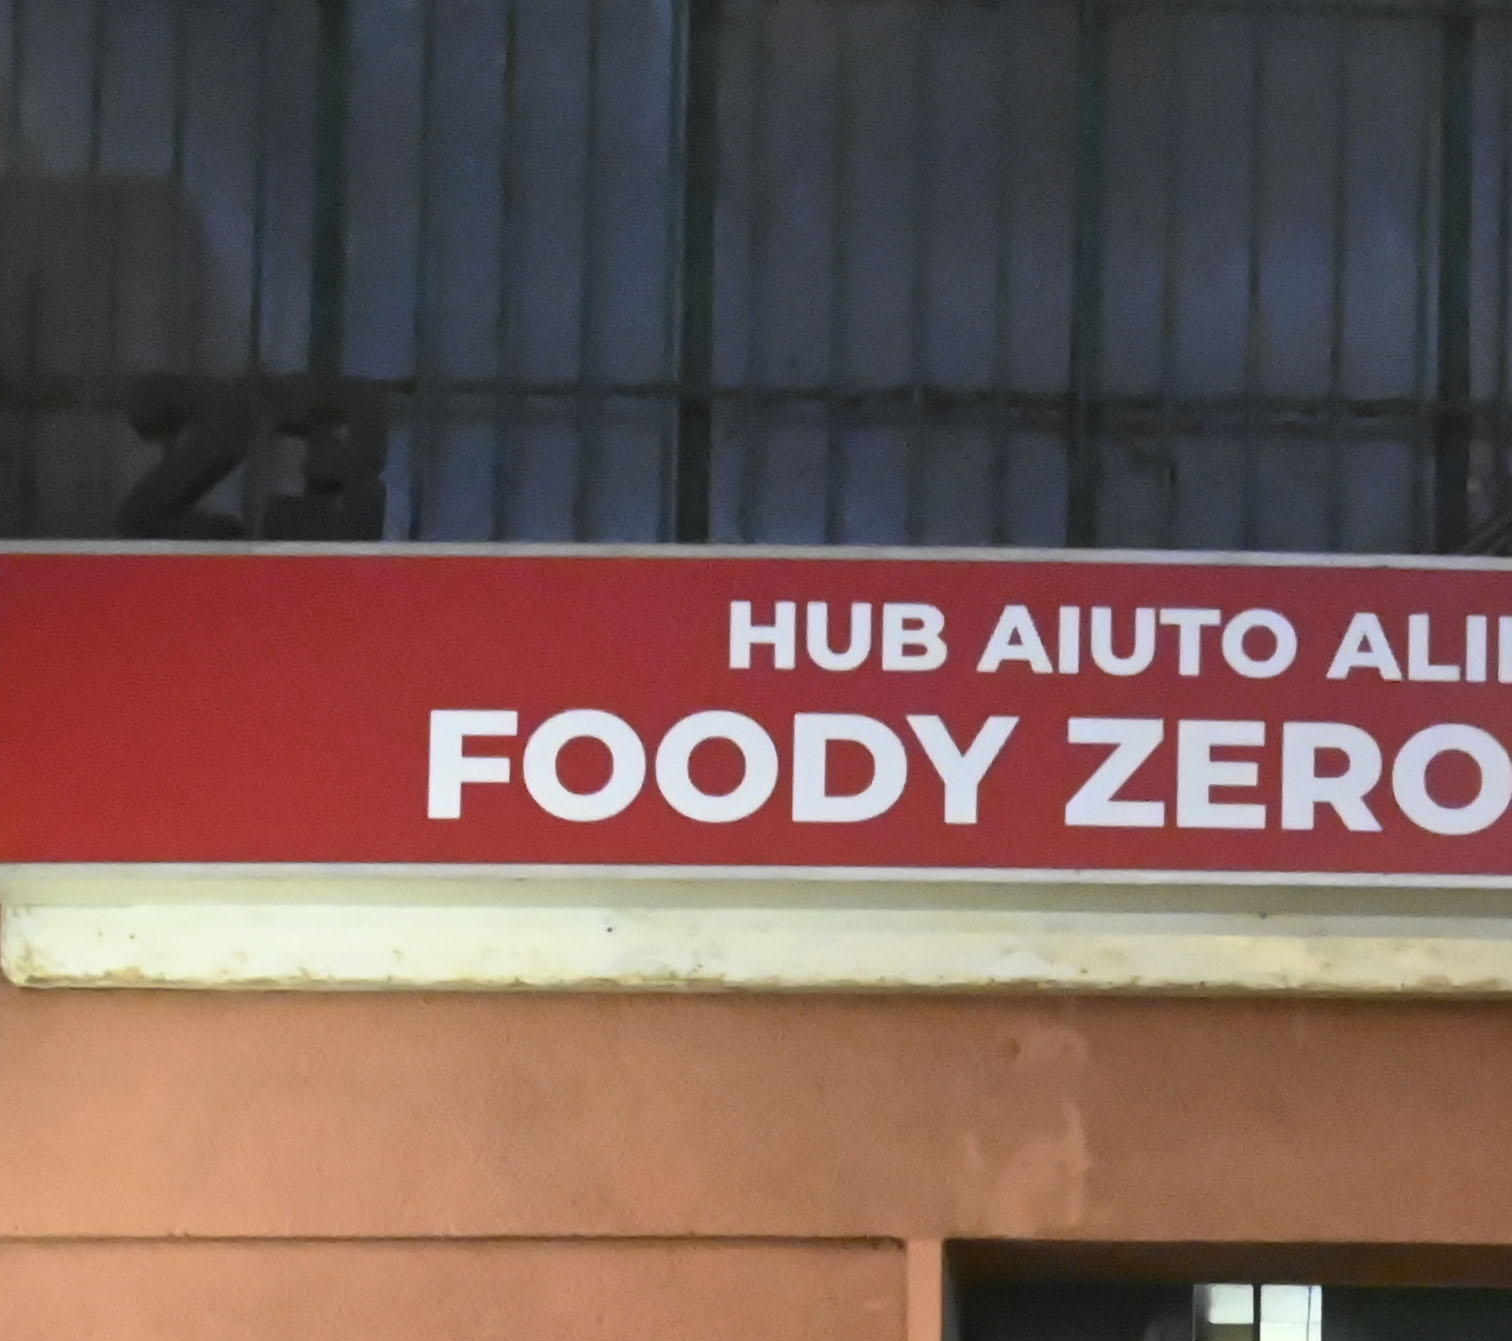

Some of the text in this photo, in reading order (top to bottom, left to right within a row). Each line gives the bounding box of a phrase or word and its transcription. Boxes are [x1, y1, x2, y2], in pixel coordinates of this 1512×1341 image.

[727, 599, 949, 673] HUB
[975, 603, 1299, 680] AIUTO
[425, 708, 1020, 826] FOODY
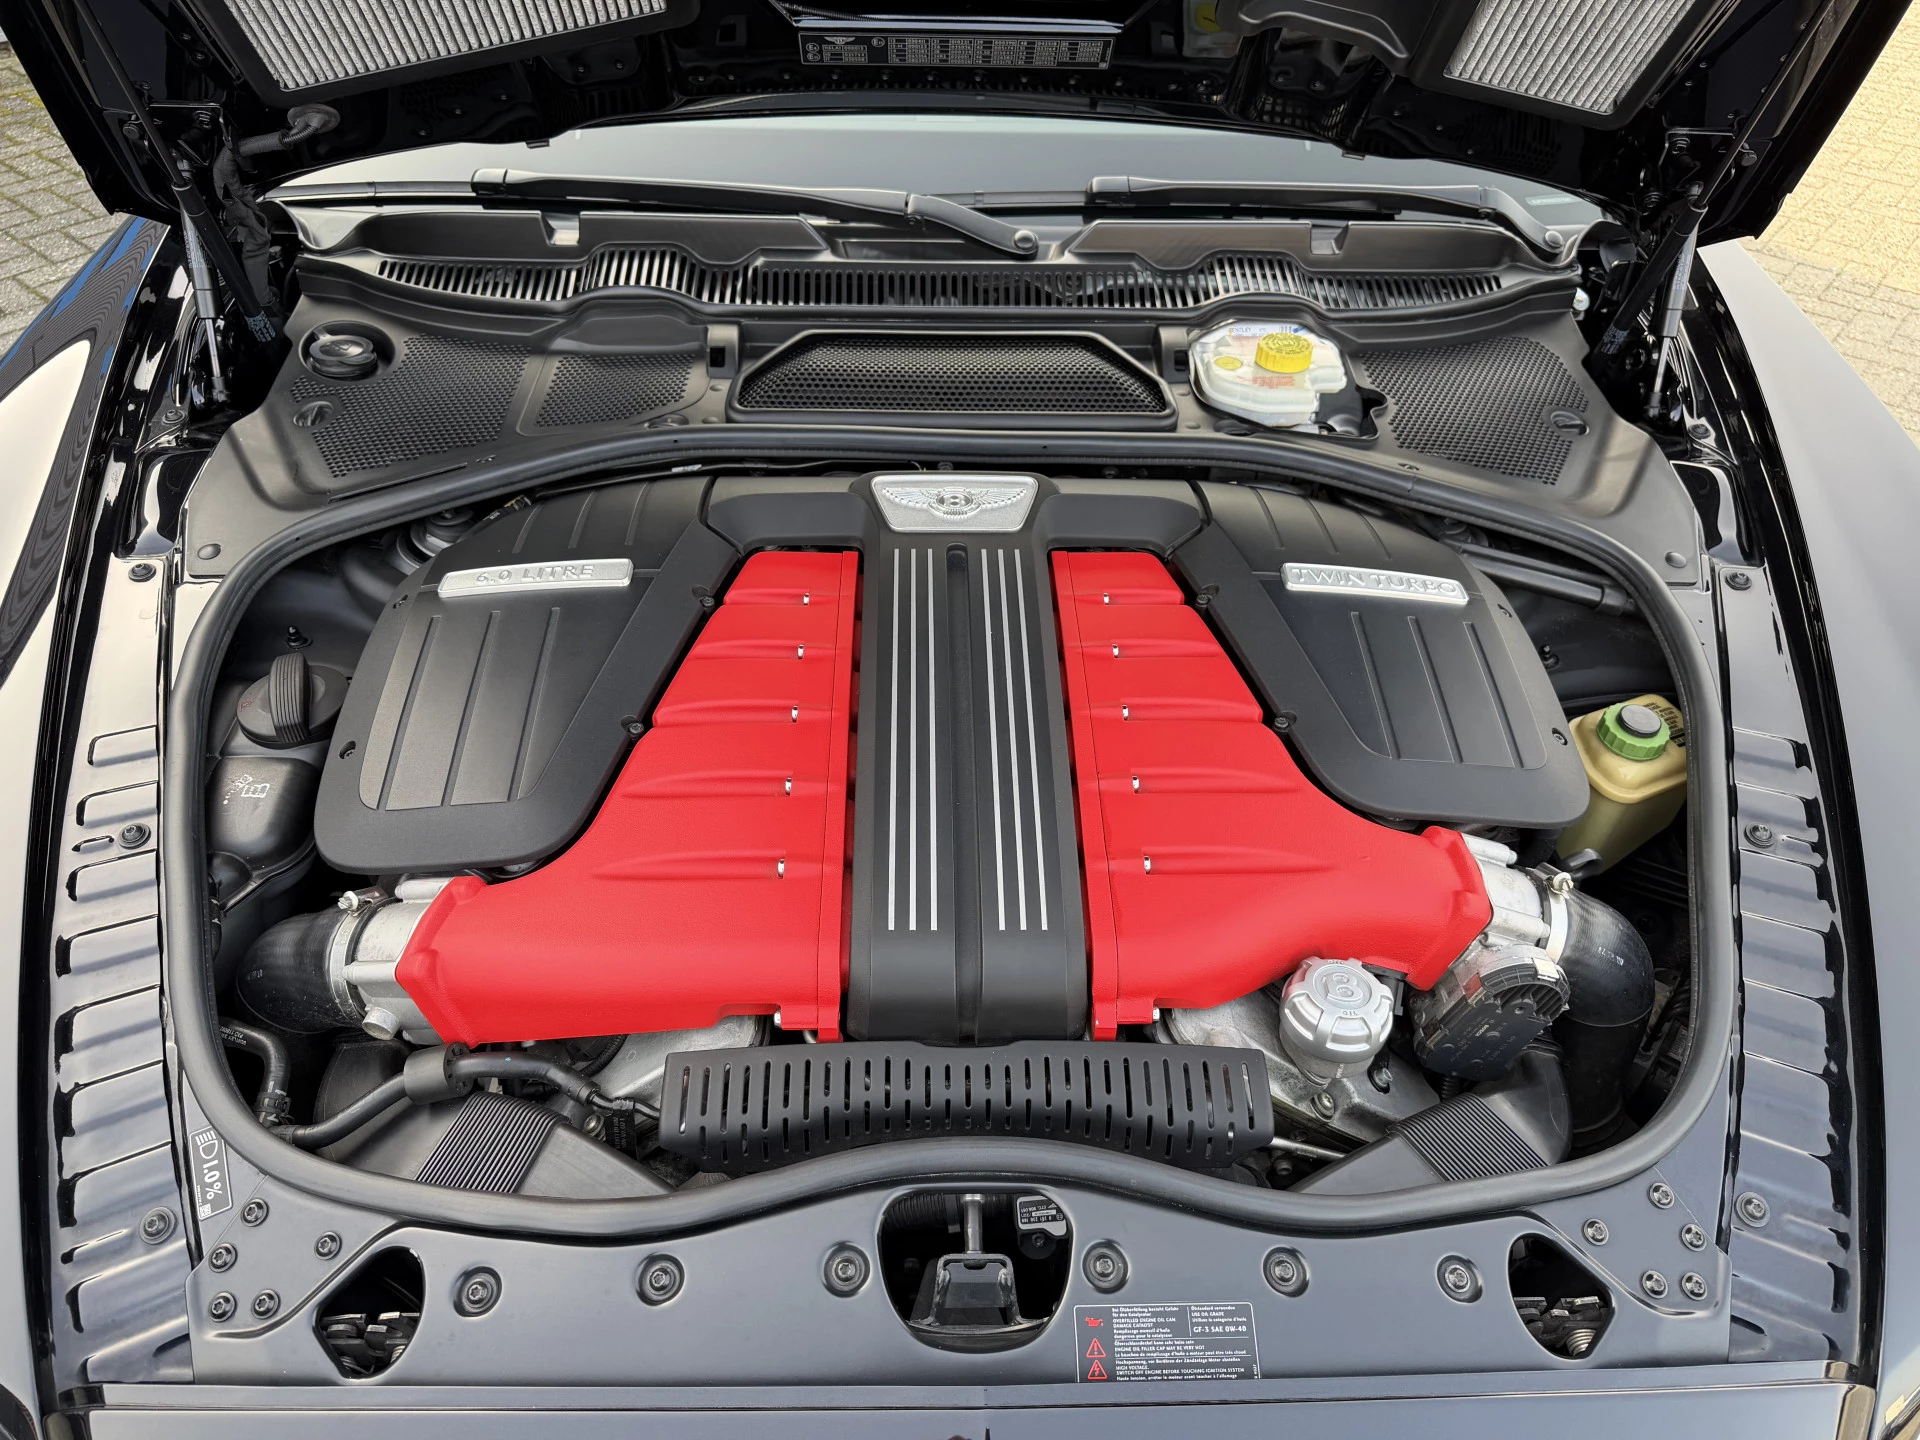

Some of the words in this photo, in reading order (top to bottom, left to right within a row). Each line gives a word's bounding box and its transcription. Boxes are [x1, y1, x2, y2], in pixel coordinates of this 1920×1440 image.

[476, 569, 512, 584] 6.0
[522, 565, 594, 582] LITRE
[1291, 568, 1366, 585] TWIN
[1370, 575, 1457, 593] TURBO
[203, 1159, 222, 1200] 1.0%

[TASK STATEMENT]
The answer should consist of all the records, duplicated exactly, with no images included.

[ANSWER BELOW]
Some of the text in this photo, in reading order (top to bottom, left to right within a row). Each line gives the bounding box of a phrase or word and its transcription. Boxes are [x1, y1, x2, y2], in pixel coordinates of this 1512×1341 image.

[727, 599, 949, 673] HUB
[975, 603, 1299, 680] AIUTO
[425, 708, 1020, 826] FOODY

Some of the words in this photo, in reading order (top to bottom, left to right within a row). Each line gives a word's bounding box and its transcription. Boxes are [x1, y1, x2, y2], in pixel coordinates of this 1920×1440 image.

[476, 569, 512, 584] 6.0
[522, 565, 594, 582] LITRE
[1291, 568, 1366, 585] TWIN
[1370, 575, 1457, 593] TURBO
[203, 1159, 222, 1200] 1.0%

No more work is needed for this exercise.